* _WHAT IS EXPECTED_:
Every entry should be returned unchanged, with the pictures omitted.

(Beginning of SUPPLIED MATERIAL)

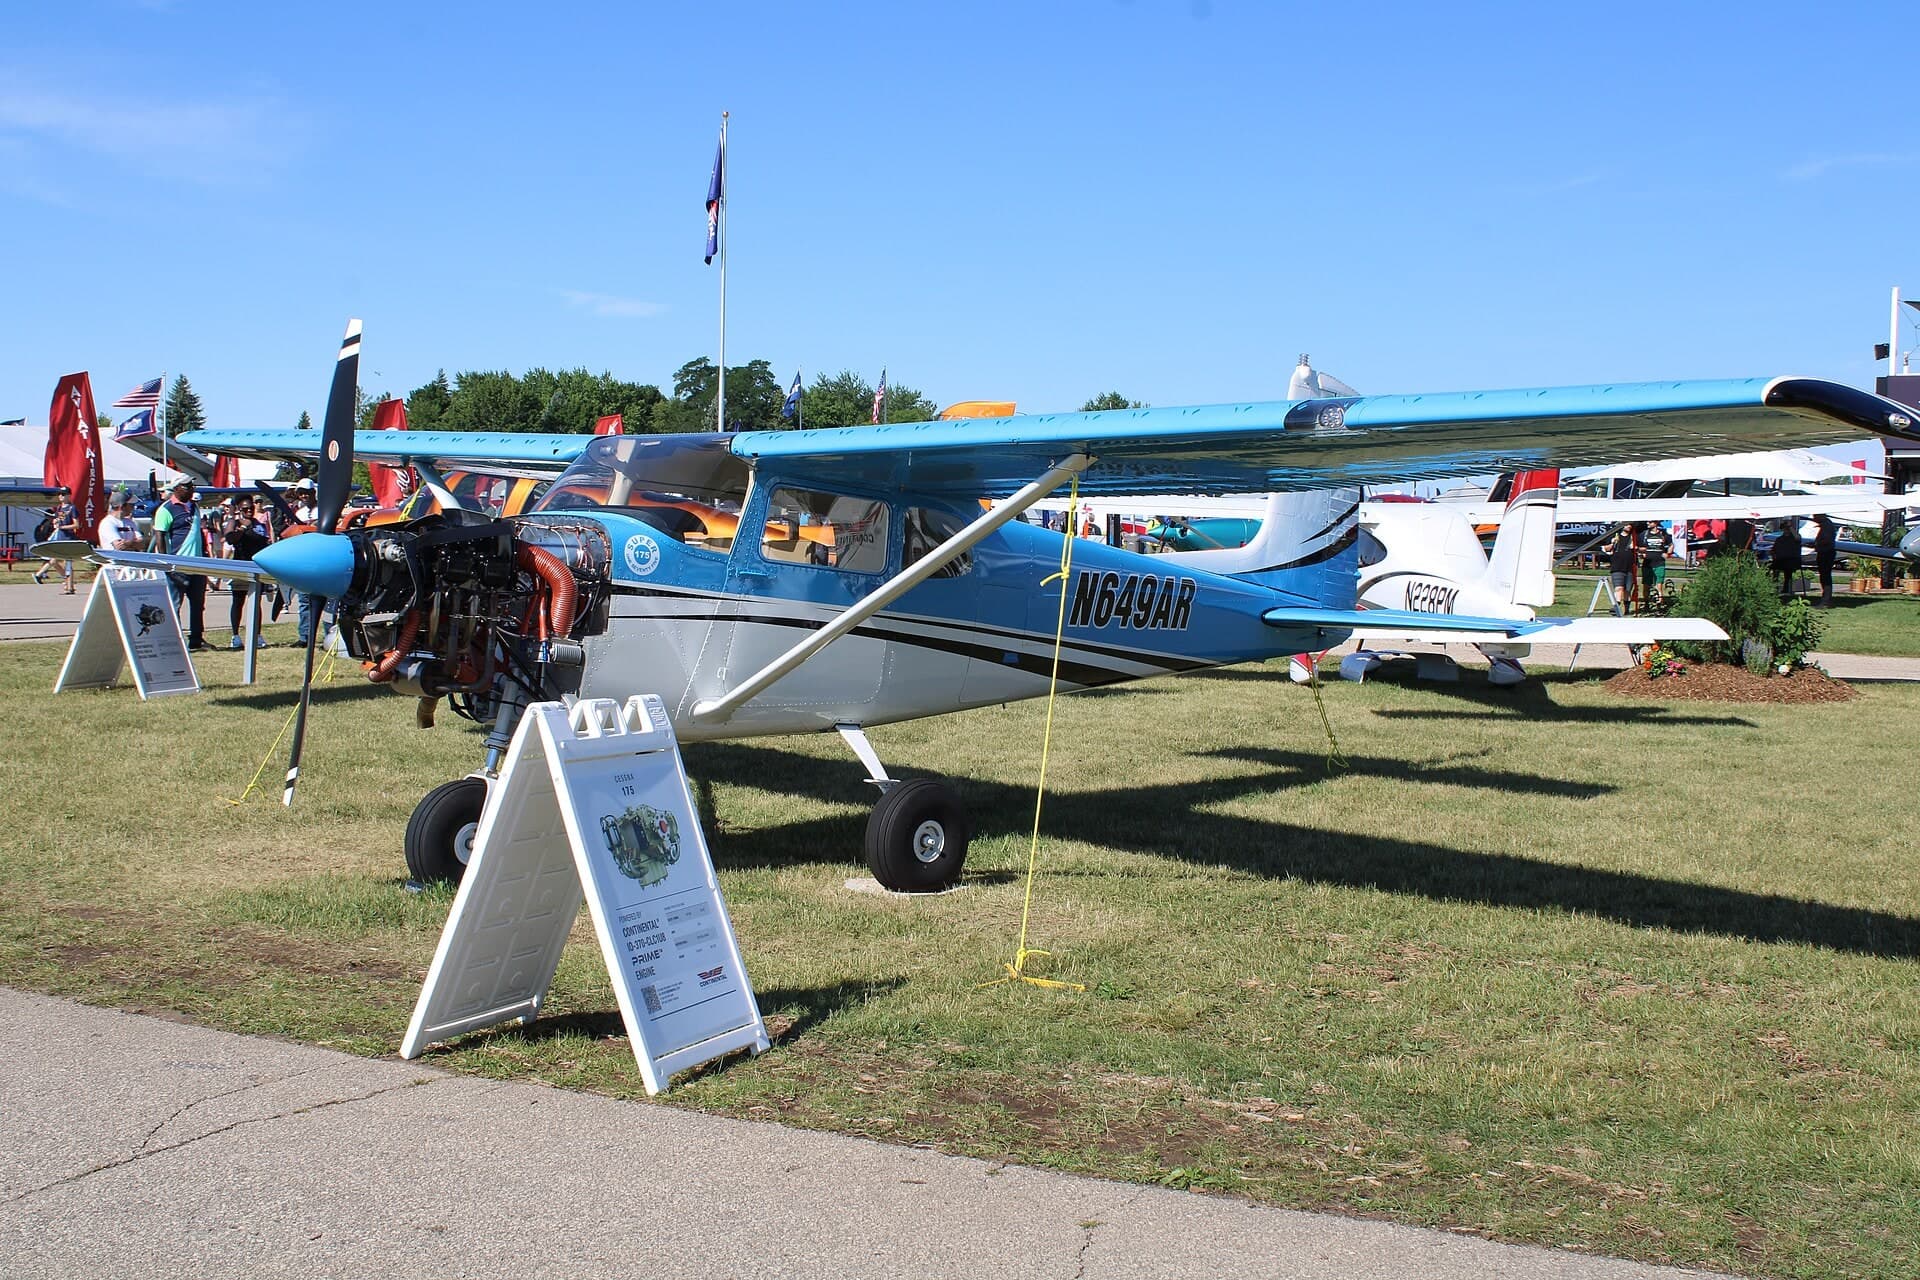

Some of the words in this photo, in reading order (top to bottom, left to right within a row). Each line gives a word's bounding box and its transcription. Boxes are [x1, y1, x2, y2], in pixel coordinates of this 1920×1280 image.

[71, 385, 89, 440] AVIAT
[85, 447, 96, 528] AIRCRAFT
[627, 536, 658, 553] SUPER
[634, 550, 650, 559] 175
[1067, 570, 1197, 631] N649AR
[1405, 580, 1460, 615] N228PM
[622, 785, 635, 796] 175
[635, 966, 656, 981] ENGINE
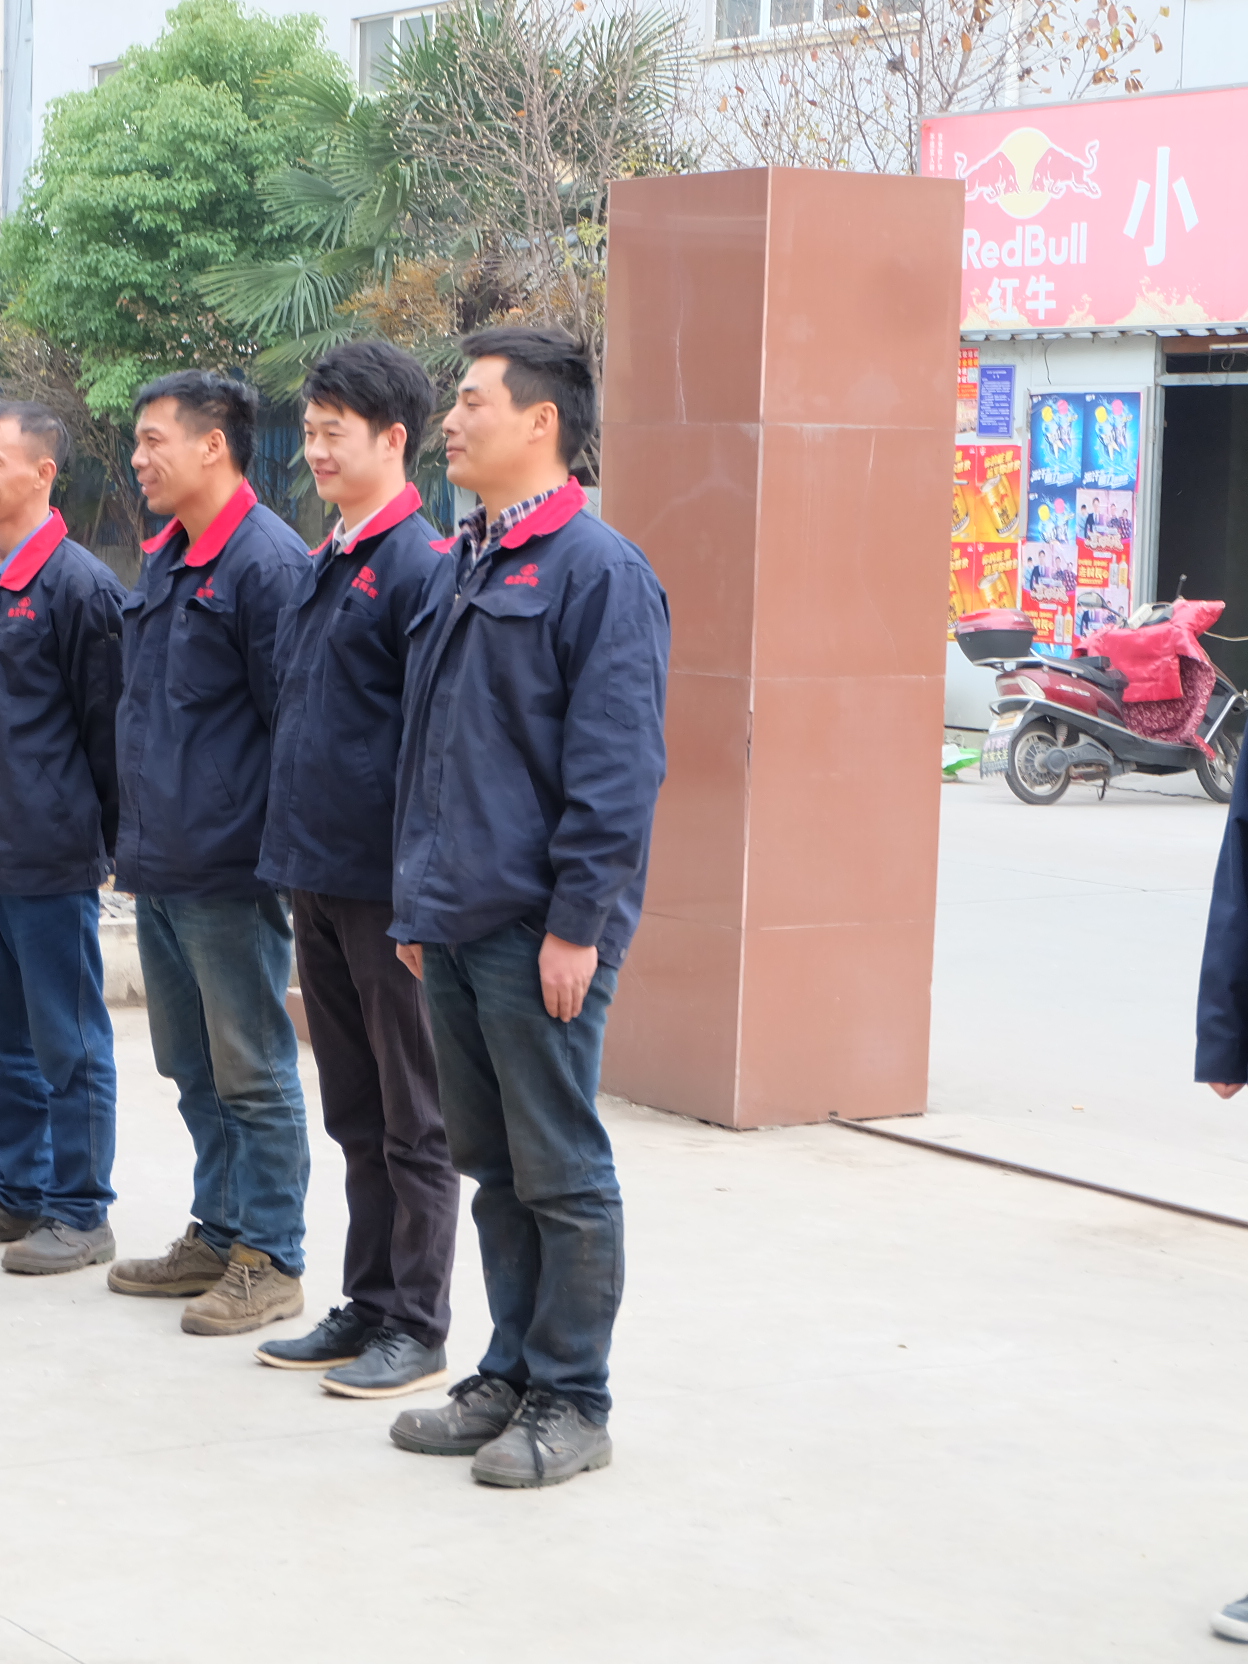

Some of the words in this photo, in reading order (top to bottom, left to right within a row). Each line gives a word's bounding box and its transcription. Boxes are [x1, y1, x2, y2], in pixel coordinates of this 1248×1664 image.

(End of SUPPLIED MATERIAL)

* _REPLY TO THE TASK_:
Some of the words in this photo, in reading order (top to bottom, left to right within a row). Each line gives a word's bounding box and its transcription. Boxes are [x1, y1, x2, y2], in pixel coordinates of this 1920×1280 image.

[71, 385, 89, 440] AVIAT
[85, 447, 96, 528] AIRCRAFT
[627, 536, 658, 553] SUPER
[634, 550, 650, 559] 175
[1067, 570, 1197, 631] N649AR
[1405, 580, 1460, 615] N228PM
[622, 785, 635, 796] 175
[635, 966, 656, 981] ENGINE

Some of the words in this photo, in reading order (top to bottom, left to right within a row). Each line gives a word's bounding box and its transcription. Boxes are [x1, y1, x2, y2], in pixel coordinates of this 1248×1664 image.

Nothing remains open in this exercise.